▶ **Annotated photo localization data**
%%
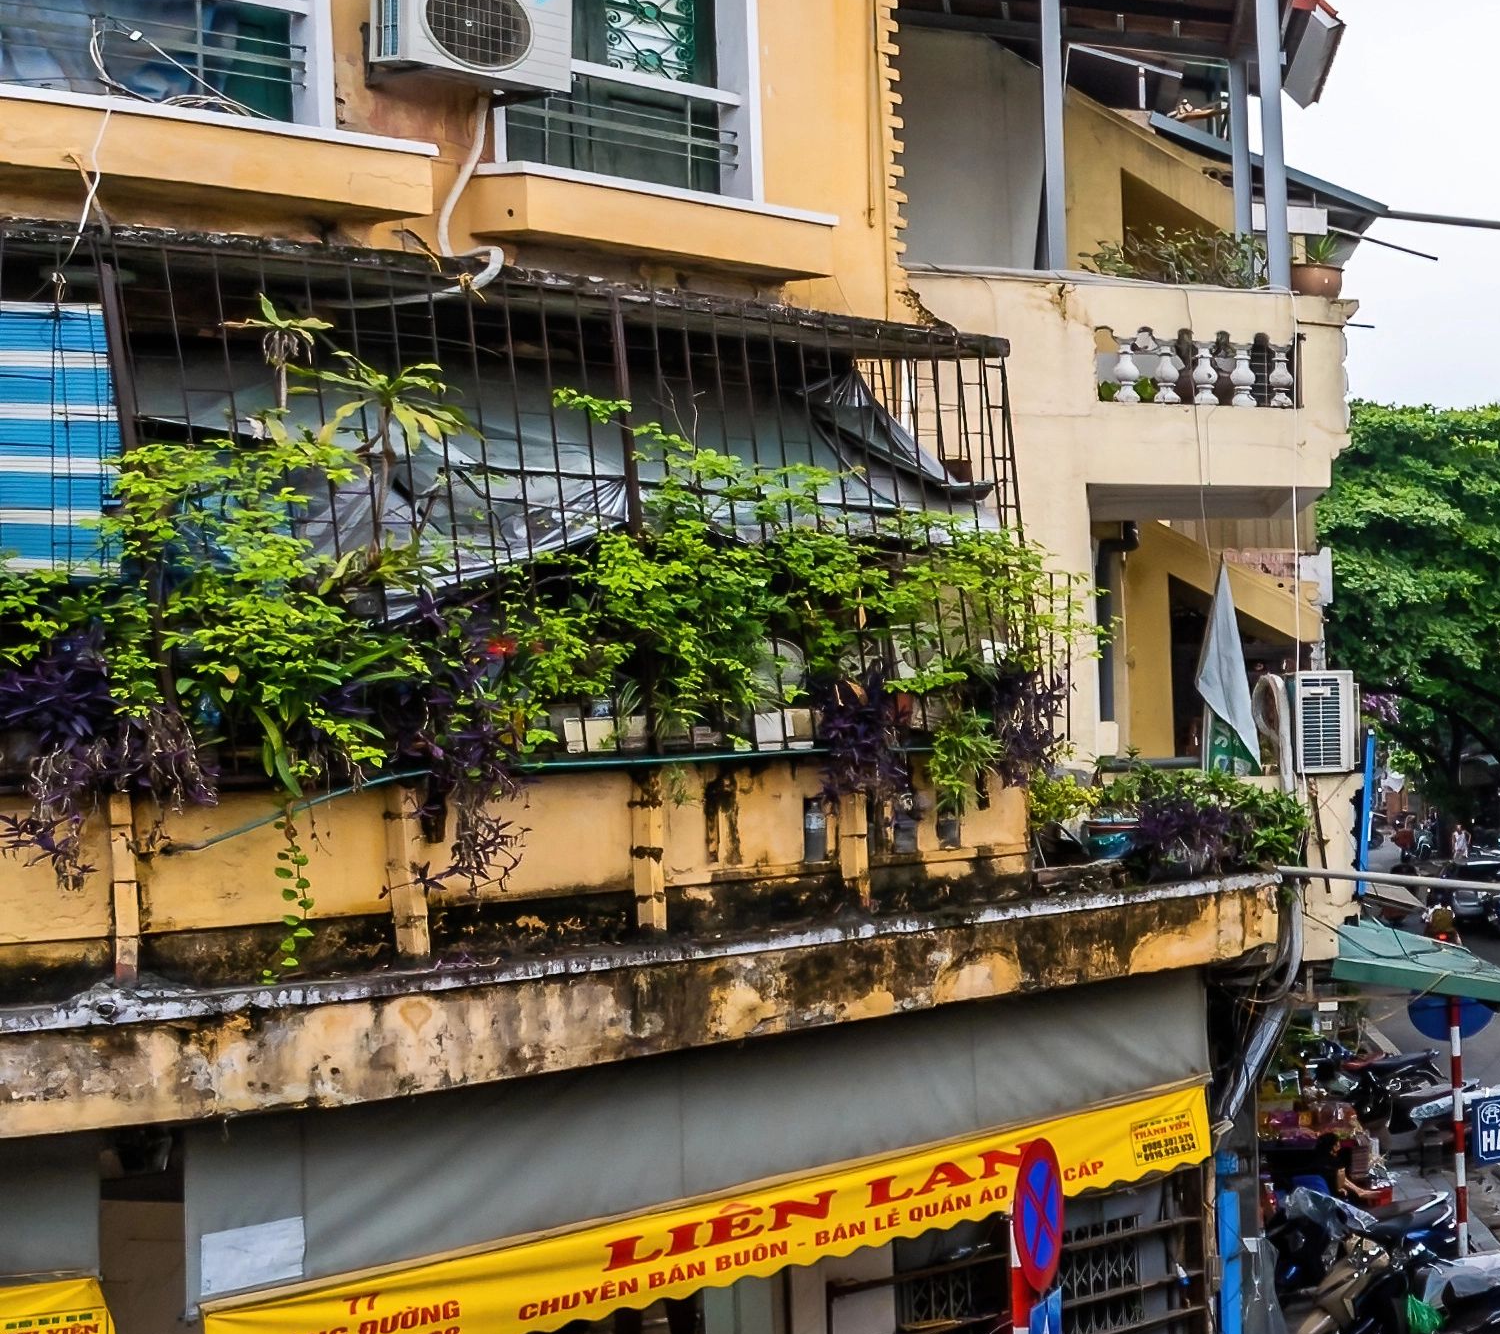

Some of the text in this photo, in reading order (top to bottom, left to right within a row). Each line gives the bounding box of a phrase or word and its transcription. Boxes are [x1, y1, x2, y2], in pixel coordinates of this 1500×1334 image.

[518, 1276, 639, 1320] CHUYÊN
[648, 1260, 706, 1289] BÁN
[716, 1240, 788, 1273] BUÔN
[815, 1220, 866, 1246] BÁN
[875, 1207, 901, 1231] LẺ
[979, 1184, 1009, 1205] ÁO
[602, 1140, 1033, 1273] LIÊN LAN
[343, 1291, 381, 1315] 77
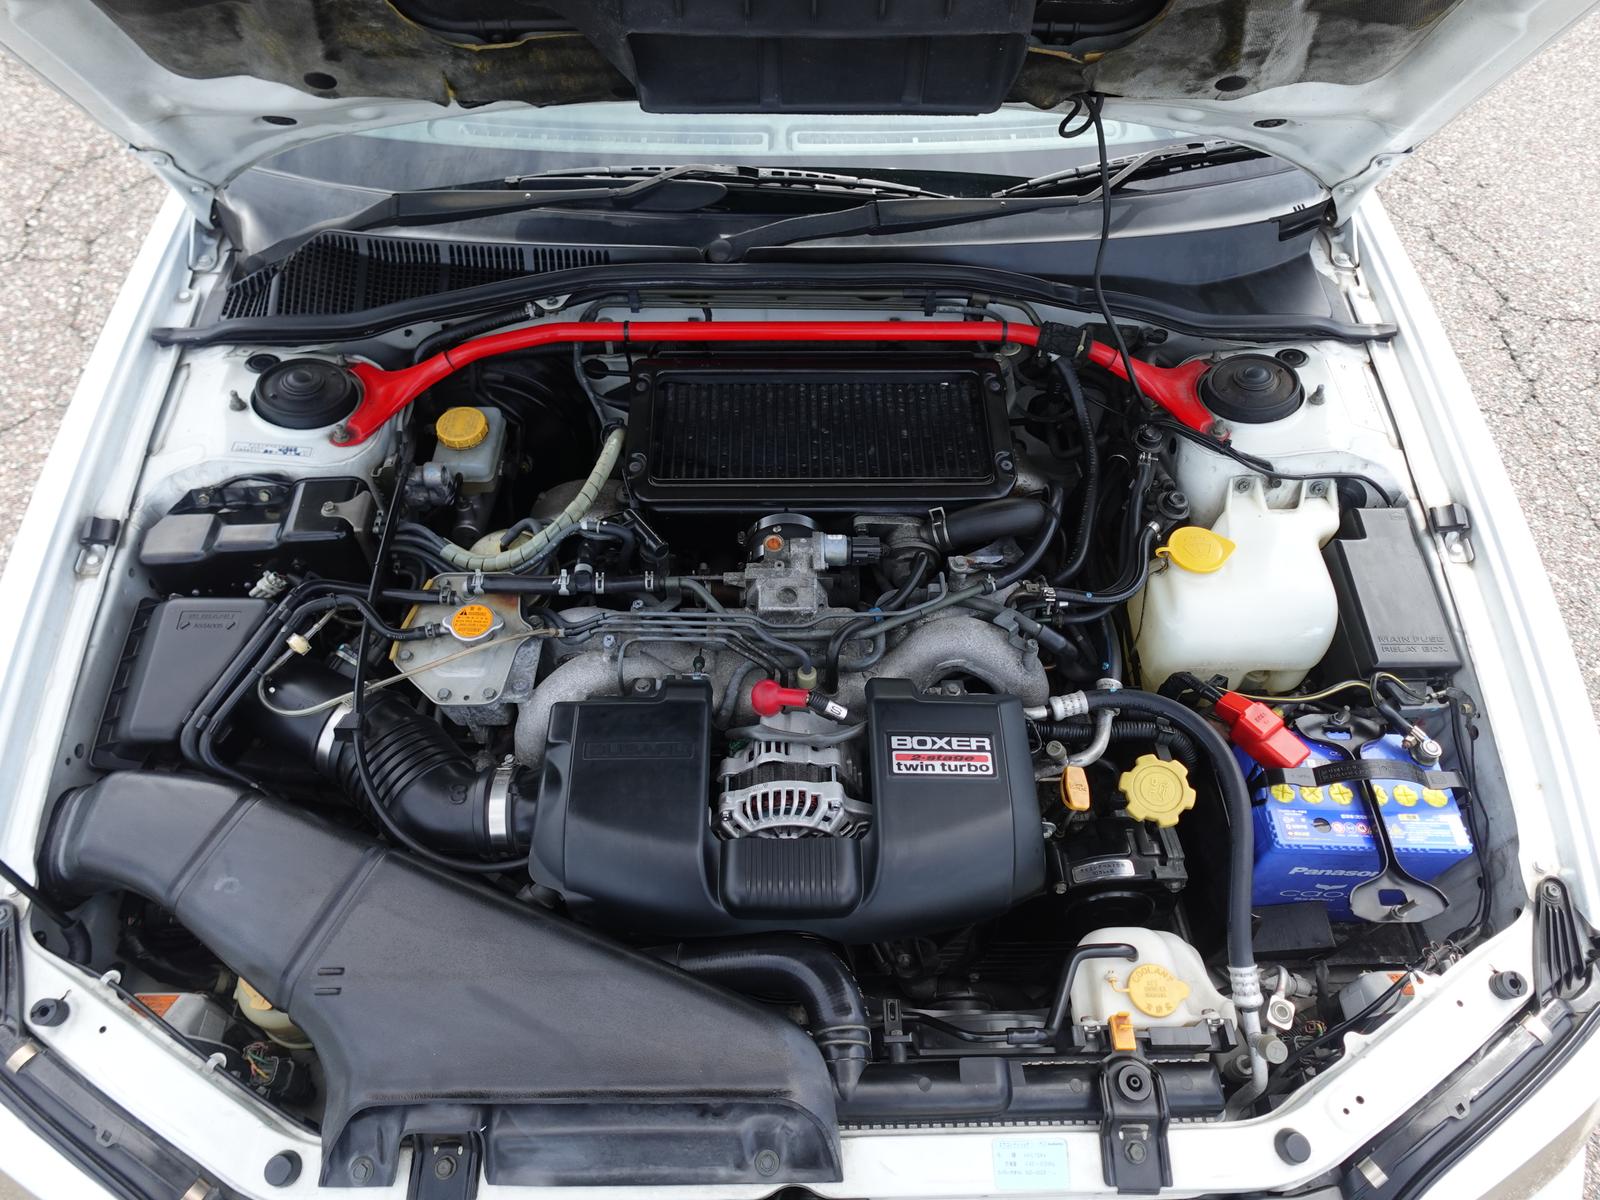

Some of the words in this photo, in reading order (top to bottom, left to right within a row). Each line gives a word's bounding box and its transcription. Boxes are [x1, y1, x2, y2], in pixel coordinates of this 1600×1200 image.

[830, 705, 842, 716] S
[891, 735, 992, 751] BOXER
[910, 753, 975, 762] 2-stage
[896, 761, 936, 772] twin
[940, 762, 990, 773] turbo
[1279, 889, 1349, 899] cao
%%
The copy you produce must match the entries above exactly, except that it has no pictures.

Some of the text in this photo, in reading order (top to bottom, left to right within a row). Each line gives the bounding box of a phrase or word and its transcription. Boxes are [x1, y1, x2, y2], in pixel coordinates of this 1500×1334 image.

[518, 1276, 639, 1320] CHUYÊN
[648, 1260, 706, 1289] BÁN
[716, 1240, 788, 1273] BUÔN
[815, 1220, 866, 1246] BÁN
[875, 1207, 901, 1231] LẺ
[979, 1184, 1009, 1205] ÁO
[602, 1140, 1033, 1273] LIÊN LAN
[343, 1291, 381, 1315] 77

Some of the words in this photo, in reading order (top to bottom, left to right within a row). Each line gives a word's bounding box and its transcription. Boxes are [x1, y1, x2, y2], in pixel coordinates of this 1600×1200 image.

[830, 705, 842, 716] S
[891, 735, 992, 751] BOXER
[910, 753, 975, 762] 2-stage
[896, 761, 936, 772] twin
[940, 762, 990, 773] turbo
[1279, 889, 1349, 899] cao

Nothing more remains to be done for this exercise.